● Task prompt
Output all records exactly.

Dataset entries
◆ ◆ ◆ ◆ ◆ ◆ ◆
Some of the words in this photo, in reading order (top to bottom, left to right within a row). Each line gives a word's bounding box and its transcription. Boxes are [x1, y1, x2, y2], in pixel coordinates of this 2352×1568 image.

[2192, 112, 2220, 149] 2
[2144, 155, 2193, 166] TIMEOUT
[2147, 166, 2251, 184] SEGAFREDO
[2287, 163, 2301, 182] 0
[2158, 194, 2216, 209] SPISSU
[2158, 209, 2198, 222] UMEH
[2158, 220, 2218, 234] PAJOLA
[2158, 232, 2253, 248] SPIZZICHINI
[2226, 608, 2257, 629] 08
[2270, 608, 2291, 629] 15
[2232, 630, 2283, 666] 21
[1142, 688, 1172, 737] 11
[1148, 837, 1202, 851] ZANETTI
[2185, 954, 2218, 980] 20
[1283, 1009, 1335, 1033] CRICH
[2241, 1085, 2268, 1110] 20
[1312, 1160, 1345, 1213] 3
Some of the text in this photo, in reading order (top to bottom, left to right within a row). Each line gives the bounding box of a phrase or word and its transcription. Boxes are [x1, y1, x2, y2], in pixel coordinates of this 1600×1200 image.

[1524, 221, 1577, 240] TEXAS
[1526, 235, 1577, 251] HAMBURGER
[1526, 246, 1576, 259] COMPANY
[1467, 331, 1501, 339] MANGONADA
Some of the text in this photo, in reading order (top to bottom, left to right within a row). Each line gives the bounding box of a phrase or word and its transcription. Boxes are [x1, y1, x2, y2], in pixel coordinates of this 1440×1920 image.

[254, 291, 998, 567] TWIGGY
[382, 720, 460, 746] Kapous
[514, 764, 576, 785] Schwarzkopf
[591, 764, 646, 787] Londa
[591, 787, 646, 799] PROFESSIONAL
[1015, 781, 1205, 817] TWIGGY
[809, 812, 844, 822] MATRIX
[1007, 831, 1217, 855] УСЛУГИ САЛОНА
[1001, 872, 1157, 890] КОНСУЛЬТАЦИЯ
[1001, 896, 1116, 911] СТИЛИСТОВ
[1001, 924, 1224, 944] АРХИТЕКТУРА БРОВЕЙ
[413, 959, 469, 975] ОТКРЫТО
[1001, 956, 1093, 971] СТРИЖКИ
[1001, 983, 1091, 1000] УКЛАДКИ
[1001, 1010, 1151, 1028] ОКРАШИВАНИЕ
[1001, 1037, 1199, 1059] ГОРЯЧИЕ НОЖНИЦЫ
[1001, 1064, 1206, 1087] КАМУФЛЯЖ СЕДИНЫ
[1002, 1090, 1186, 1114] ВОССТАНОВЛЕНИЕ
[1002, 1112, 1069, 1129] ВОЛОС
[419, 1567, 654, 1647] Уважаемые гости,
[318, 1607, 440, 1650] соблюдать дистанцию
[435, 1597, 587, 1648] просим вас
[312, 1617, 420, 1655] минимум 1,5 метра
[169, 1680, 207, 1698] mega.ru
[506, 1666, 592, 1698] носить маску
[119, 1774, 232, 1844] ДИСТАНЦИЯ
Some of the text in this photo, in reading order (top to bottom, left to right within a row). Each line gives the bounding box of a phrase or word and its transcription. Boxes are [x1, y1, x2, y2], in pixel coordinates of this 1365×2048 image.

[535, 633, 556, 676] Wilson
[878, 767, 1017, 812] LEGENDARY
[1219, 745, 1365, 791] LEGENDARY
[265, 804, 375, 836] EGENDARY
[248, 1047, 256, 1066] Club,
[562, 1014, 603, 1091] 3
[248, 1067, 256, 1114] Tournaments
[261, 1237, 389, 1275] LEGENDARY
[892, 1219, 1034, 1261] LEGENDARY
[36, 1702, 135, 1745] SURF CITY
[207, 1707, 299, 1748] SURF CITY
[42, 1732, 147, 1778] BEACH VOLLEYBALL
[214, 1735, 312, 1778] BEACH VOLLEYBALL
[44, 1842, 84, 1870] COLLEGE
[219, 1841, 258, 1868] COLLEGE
◆ ◆ ◆ ◆ ◆ ◆ ◆
● Output of the exercise
Some of the words in this photo, in reading order (top to bottom, left to right within a row). Each line gives a word's bounding box and its transcription. Boxes are [x1, y1, x2, y2], in pixel coordinates of this 2352×1568 image.

[2192, 112, 2220, 149] 2
[2144, 155, 2193, 166] TIMEOUT
[2147, 166, 2251, 184] SEGAFREDO
[2287, 163, 2301, 182] 0
[2158, 194, 2216, 209] SPISSU
[2158, 209, 2198, 222] UMEH
[2158, 220, 2218, 234] PAJOLA
[2158, 232, 2253, 248] SPIZZICHINI
[2226, 608, 2257, 629] 08
[2270, 608, 2291, 629] 15
[2232, 630, 2283, 666] 21
[1142, 688, 1172, 737] 11
[1148, 837, 1202, 851] ZANETTI
[2185, 954, 2218, 980] 20
[1283, 1009, 1335, 1033] CRICH
[2241, 1085, 2268, 1110] 20
[1312, 1160, 1345, 1213] 3
Some of the text in this photo, in reading order (top to bottom, left to right within a row). Each line gives the bounding box of a phrase or word and its transcription. Boxes are [x1, y1, x2, y2], in pixel coordinates of this 1600×1200 image.

[1524, 221, 1577, 240] TEXAS
[1526, 235, 1577, 251] HAMBURGER
[1526, 246, 1576, 259] COMPANY
[1467, 331, 1501, 339] MANGONADA
Some of the text in this photo, in reading order (top to bottom, left to right within a row). Each line gives the bounding box of a phrase or word and its transcription. Boxes are [x1, y1, x2, y2], in pixel coordinates of this 1440×1920 image.

[254, 291, 998, 567] TWIGGY
[382, 720, 460, 746] Kapous
[514, 764, 576, 785] Schwarzkopf
[591, 764, 646, 787] Londa
[591, 787, 646, 799] PROFESSIONAL
[1015, 781, 1205, 817] TWIGGY
[809, 812, 844, 822] MATRIX
[1007, 831, 1217, 855] УСЛУГИ САЛОНА
[1001, 872, 1157, 890] КОНСУЛЬТАЦИЯ
[1001, 896, 1116, 911] СТИЛИСТОВ
[1001, 924, 1224, 944] АРХИТЕКТУРА БРОВЕЙ
[413, 959, 469, 975] ОТКРЫТО
[1001, 956, 1093, 971] СТРИЖКИ
[1001, 983, 1091, 1000] УКЛАДКИ
[1001, 1010, 1151, 1028] ОКРАШИВАНИЕ
[1001, 1037, 1199, 1059] ГОРЯЧИЕ НОЖНИЦЫ
[1001, 1064, 1206, 1087] КАМУФЛЯЖ СЕДИНЫ
[1002, 1090, 1186, 1114] ВОССТАНОВЛЕНИЕ
[1002, 1112, 1069, 1129] ВОЛОС
[419, 1567, 654, 1647] Уважаемые гости,
[318, 1607, 440, 1650] соблюдать дистанцию
[435, 1597, 587, 1648] просим вас
[312, 1617, 420, 1655] минимум 1,5 метра
[169, 1680, 207, 1698] mega.ru
[506, 1666, 592, 1698] носить маску
[119, 1774, 232, 1844] ДИСТАНЦИЯ
Some of the text in this photo, in reading order (top to bottom, left to right within a row). Each line gives the bounding box of a phrase or word and its transcription. Boxes are [x1, y1, x2, y2], in pixel coordinates of this 1365×2048 image.

[535, 633, 556, 676] Wilson
[878, 767, 1017, 812] LEGENDARY
[1219, 745, 1365, 791] LEGENDARY
[265, 804, 375, 836] EGENDARY
[248, 1047, 256, 1066] Club,
[562, 1014, 603, 1091] 3
[248, 1067, 256, 1114] Tournaments
[261, 1237, 389, 1275] LEGENDARY
[892, 1219, 1034, 1261] LEGENDARY
[36, 1702, 135, 1745] SURF CITY
[207, 1707, 299, 1748] SURF CITY
[42, 1732, 147, 1778] BEACH VOLLEYBALL
[214, 1735, 312, 1778] BEACH VOLLEYBALL
[44, 1842, 84, 1870] COLLEGE
[219, 1841, 258, 1868] COLLEGE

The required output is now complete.